Embora haja muito ceticismo bem fundamentado em relação às promessas ambientais e climáticas do presidente Jair Bolsonaro, vale ressaltar que os líderes de 30 das principais empresas do país sugeriram essa promessa em uma carta aberta ao presidente do Brasil.
A pressão contínua dos indígenas e de empresas internacionais está, lenta mas seguramente, forçando o governo do Brasil a agir sobre o clima. Essa mudança de abordagem ajudará a remover uma barreira importante para o investimento internacional em infraestrutura verde no Brasil.
Surgimento de energia eólica offshore soma ao mix de energias renováveis
Historicamente, a abundância de energia hidrelétrica no Brasil garantiu que sua matriz energética fosse inerentemente de baixo carbono. No entanto, existem problemas crescentes com o envelhecimento da infraestrutura hidrelétrica e, nos últimos anos, a geração tem sido irregular devido ao efeito da seca sobre os níveis dos rios.
O desaparecimento da energia hidrelétrica está alimentando o crescimento da energia solar e de outras formas mais sustentáveis de energia renovável. Na verdade, na última década, a produção de energia eólica do Brasil cresceu 20 vezes, e agora fornece quase 10% da eletricidade do país, com 19 GW de capacidade instalada.

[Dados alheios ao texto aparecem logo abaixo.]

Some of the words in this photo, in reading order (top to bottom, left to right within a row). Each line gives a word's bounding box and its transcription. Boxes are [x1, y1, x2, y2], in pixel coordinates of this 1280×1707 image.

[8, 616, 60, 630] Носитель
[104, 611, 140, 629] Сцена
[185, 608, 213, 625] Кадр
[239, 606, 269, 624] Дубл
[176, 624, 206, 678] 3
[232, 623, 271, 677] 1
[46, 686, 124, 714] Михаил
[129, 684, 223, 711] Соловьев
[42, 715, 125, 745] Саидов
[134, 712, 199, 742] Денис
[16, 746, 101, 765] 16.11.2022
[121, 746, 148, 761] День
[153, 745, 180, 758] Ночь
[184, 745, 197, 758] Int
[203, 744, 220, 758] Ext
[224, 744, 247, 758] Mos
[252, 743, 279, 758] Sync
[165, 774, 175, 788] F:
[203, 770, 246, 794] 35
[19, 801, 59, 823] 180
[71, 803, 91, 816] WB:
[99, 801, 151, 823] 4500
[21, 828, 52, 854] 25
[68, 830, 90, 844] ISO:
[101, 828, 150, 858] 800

Além de atingir altos níveis de insolação que beneficiam a geração solar, no Brasil também venta muito. Durante 2020, o fator de capacidade eólica foi superior a 40% em comparação com a média global de 35%. E com 7.400 km de costa atlântica, há uma oportunidade significativa para o setor eólico offshore no Brasil.
Junto com a solar, a energia eólica tem um futuro promissor no Brasil e esperamos ver um crescimento forte e contínuo ao longo de 2022 com o surgimento de novas oportunidades para a tecnologia eólica offshore flutuante.

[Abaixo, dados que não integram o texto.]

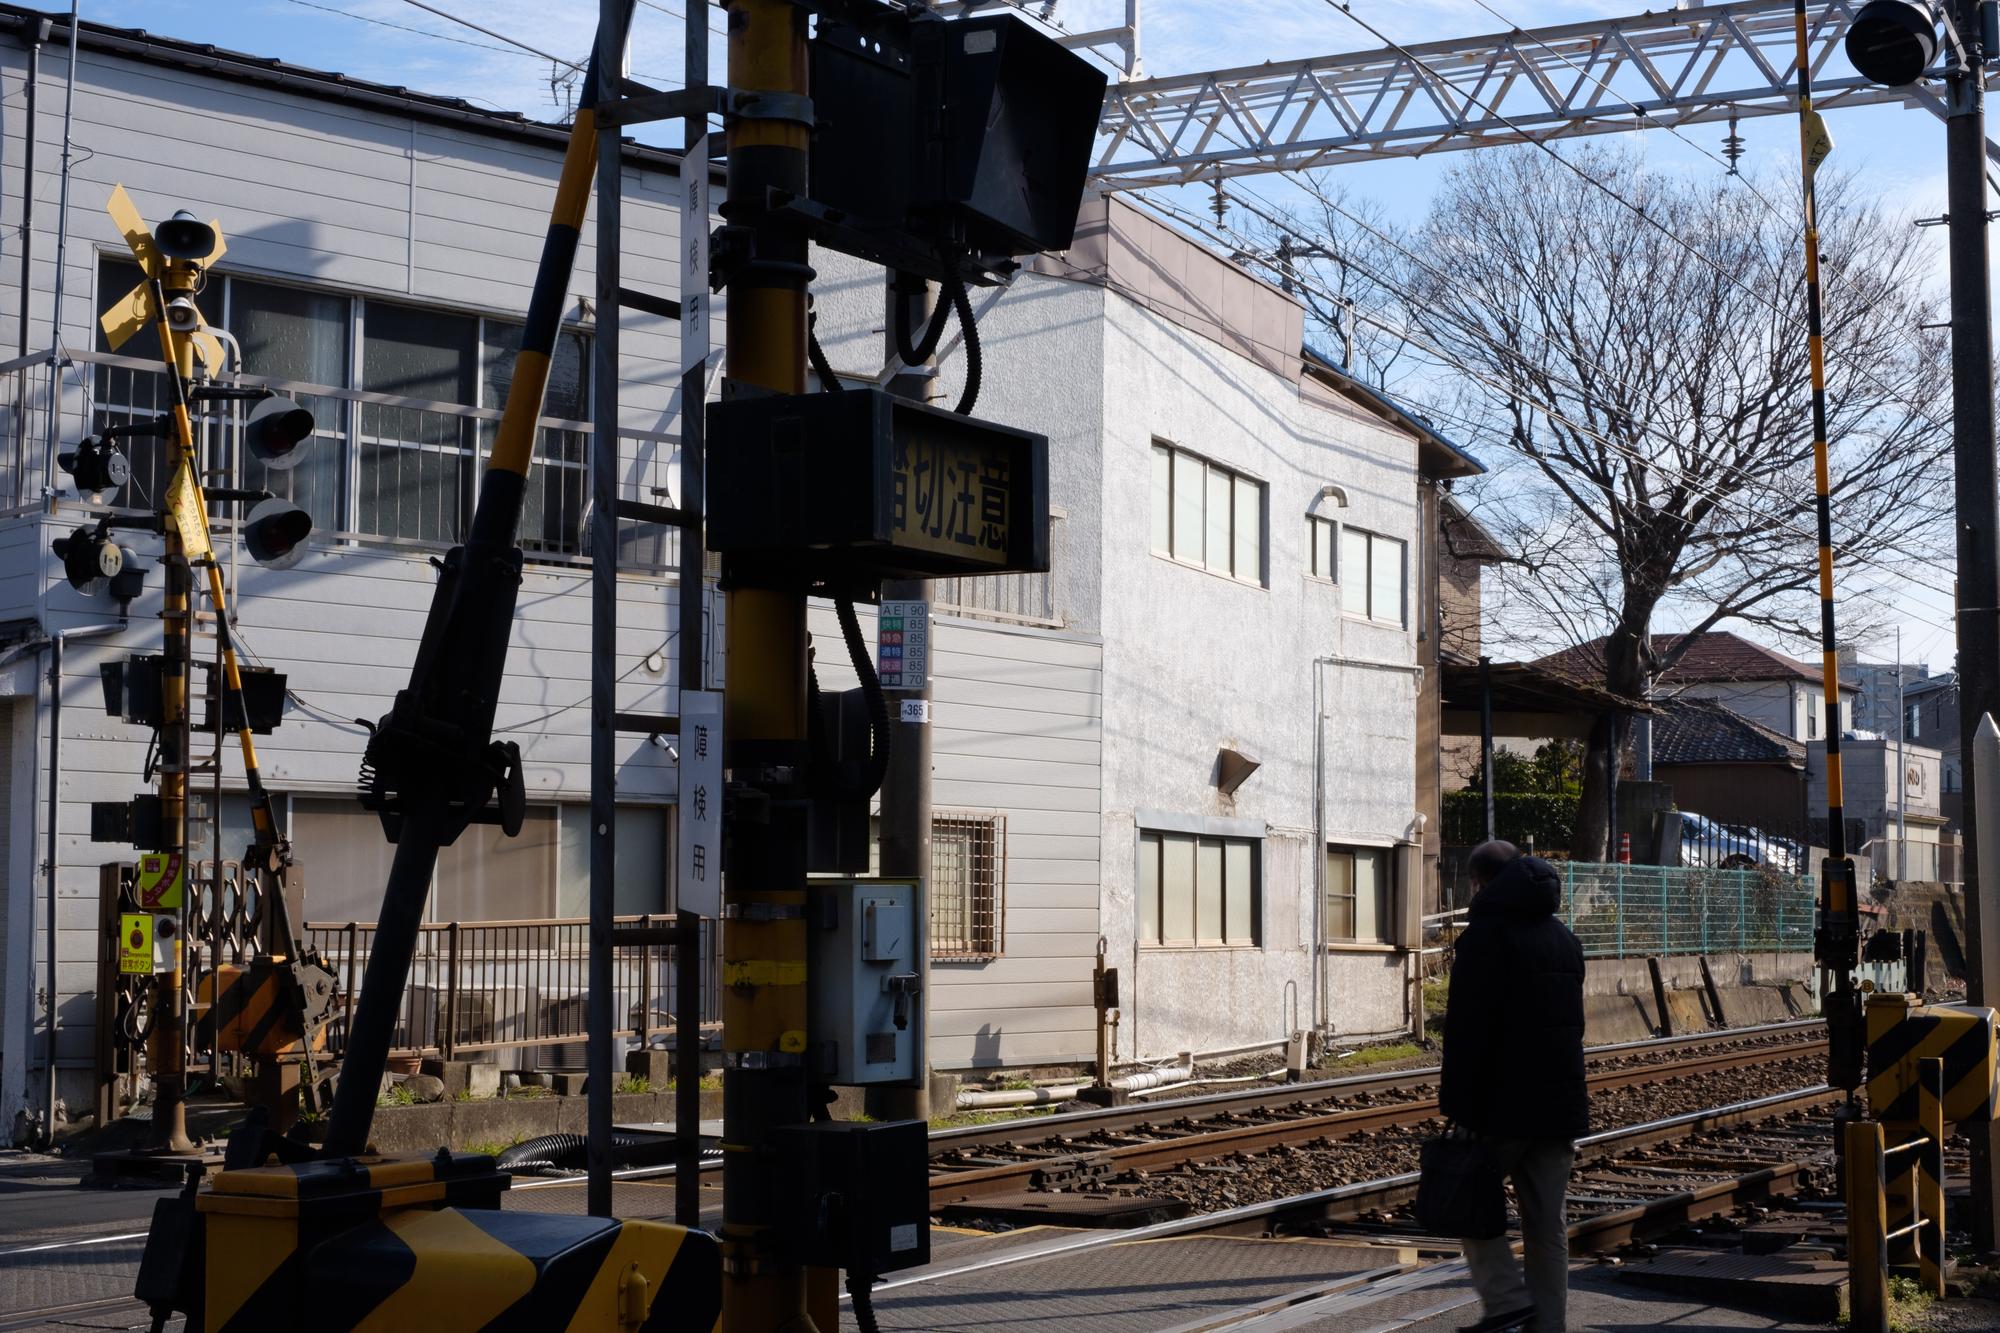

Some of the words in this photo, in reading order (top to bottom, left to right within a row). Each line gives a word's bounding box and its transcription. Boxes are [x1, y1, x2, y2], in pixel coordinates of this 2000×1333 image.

O futuro ainda é brilhante para a energia solar
O ano de 2021 foi marcado pela expansão da energia solar, já que um número recorde de novos projetos foi registrado na ANEEL, o órgão regulador do setor elétrico brasileiro. Agora, uma nova legislação de geração distribuída está em andamento e, quando ratificada, introduzirá a cobrança gradativa pelo uso das redes de transmissão por meio das tarifas de uso do sistema de distribuição (TUSD).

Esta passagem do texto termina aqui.